November 21, 2014  RSS feed

Text: T T T

Marion Samson-Joseph, Menorah Manor ‘angel,’ dies

Marion L. Samson-Joseph, Menorah Manor founder, astute businesswoman, philanthropist and active supporter of a variety of local Jewish and community organizations, died Tuesday, Nov. 11, at age 84.

Though involved in many causes, the one she had the most passion for was Menorah Manor.

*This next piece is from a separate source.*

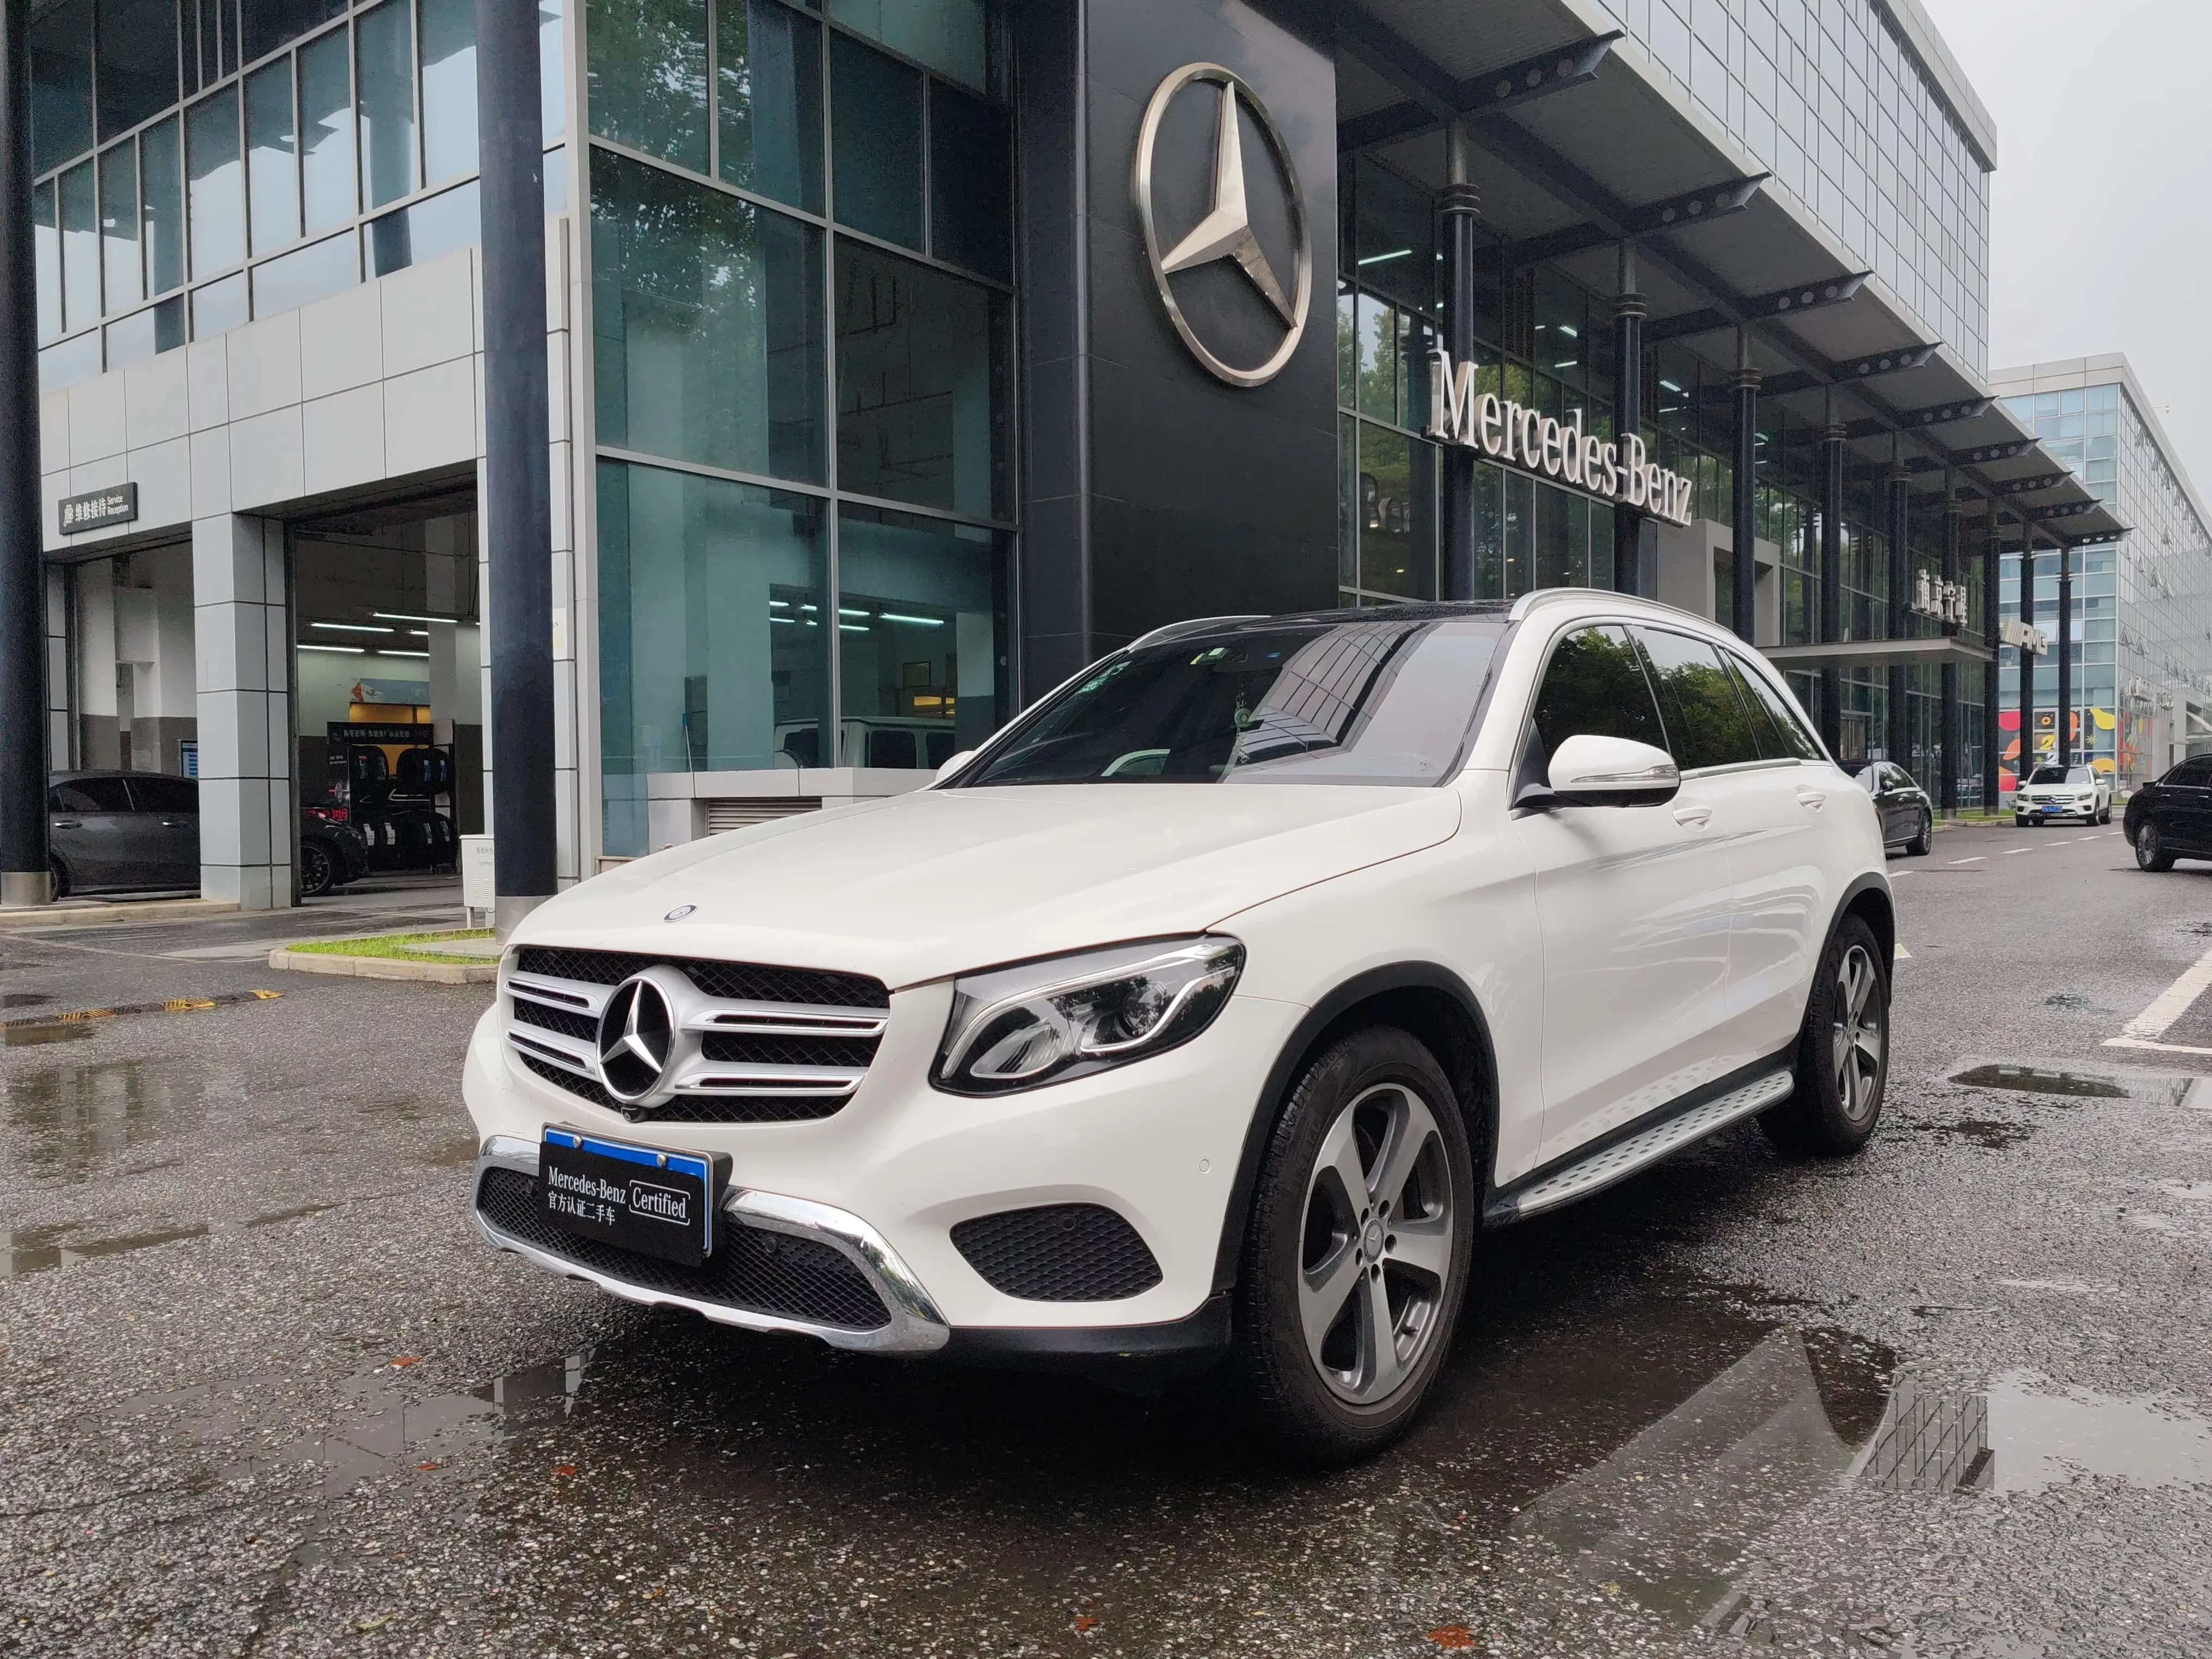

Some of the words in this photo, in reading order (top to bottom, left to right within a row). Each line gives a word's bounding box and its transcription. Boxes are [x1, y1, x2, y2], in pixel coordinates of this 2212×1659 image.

Calling Samson- Joseph “the Big Angel of Menorah Manor” Judy Ludin, chief development and community relations officer at Menorah Manor, said, “It was her vision – along with our other Founders – of creating a Jewish nursing center on Florida’s west coast, and her generous transformational gift, that created Menorah Manor.”

“Over almost 25 years, I sat with Marion at countless meetings. She never missed a board meeting, even it if meant dragging along her oxygen. She was there to remind the next generation of Menorah Manor leaders about the original mission and dream of its founders, of providing the best possible care in a warm, homelike Jewish environment, regardless of ability to pay. Her passion for Menorah Manor was fervent, and until the very last days of her life, she was concerned about the mission being continued for years to come.”

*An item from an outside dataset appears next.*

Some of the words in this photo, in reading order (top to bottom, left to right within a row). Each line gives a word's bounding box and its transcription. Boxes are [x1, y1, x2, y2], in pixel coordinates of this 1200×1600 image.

Born in Darmstadt, Germany, in 1930, she emigrated to Chicago in April 1938 on the precipice of the Holocaust. In the 1950s she was assistant auditor at two banks in Chicago and in 1959 she married Bernard L. Samson.

The couple moved to St. Petersburg in 1961 where she soon became an active board member of Hadassah and subsequently a life member. A member of Congregation B’nai Israel for more than 50 years, she served on the board of Congregation B’nai Israel in St. Petersburg including as treasurer for two years and over the years was a board member and officer of its Sisterhood. She also was involved in the Pinellas Association for Retarded Children and the League to Aid Retarded Children.

She and her husband established one of the first community hospitals in the Tampa Bay area after they saw a dire need for improvement in the local health care system, and when one of her family members was in need of drug rehabilitation, she identified a gap in that realm and founded a rehab center for addicts.

She held many positions for the Gateway Hospital Corporation and two years after her husband died in 1976, she took over as president and chairman of the board of the company and held this position until the company, which owned hospitals across the state, was sold in 1982.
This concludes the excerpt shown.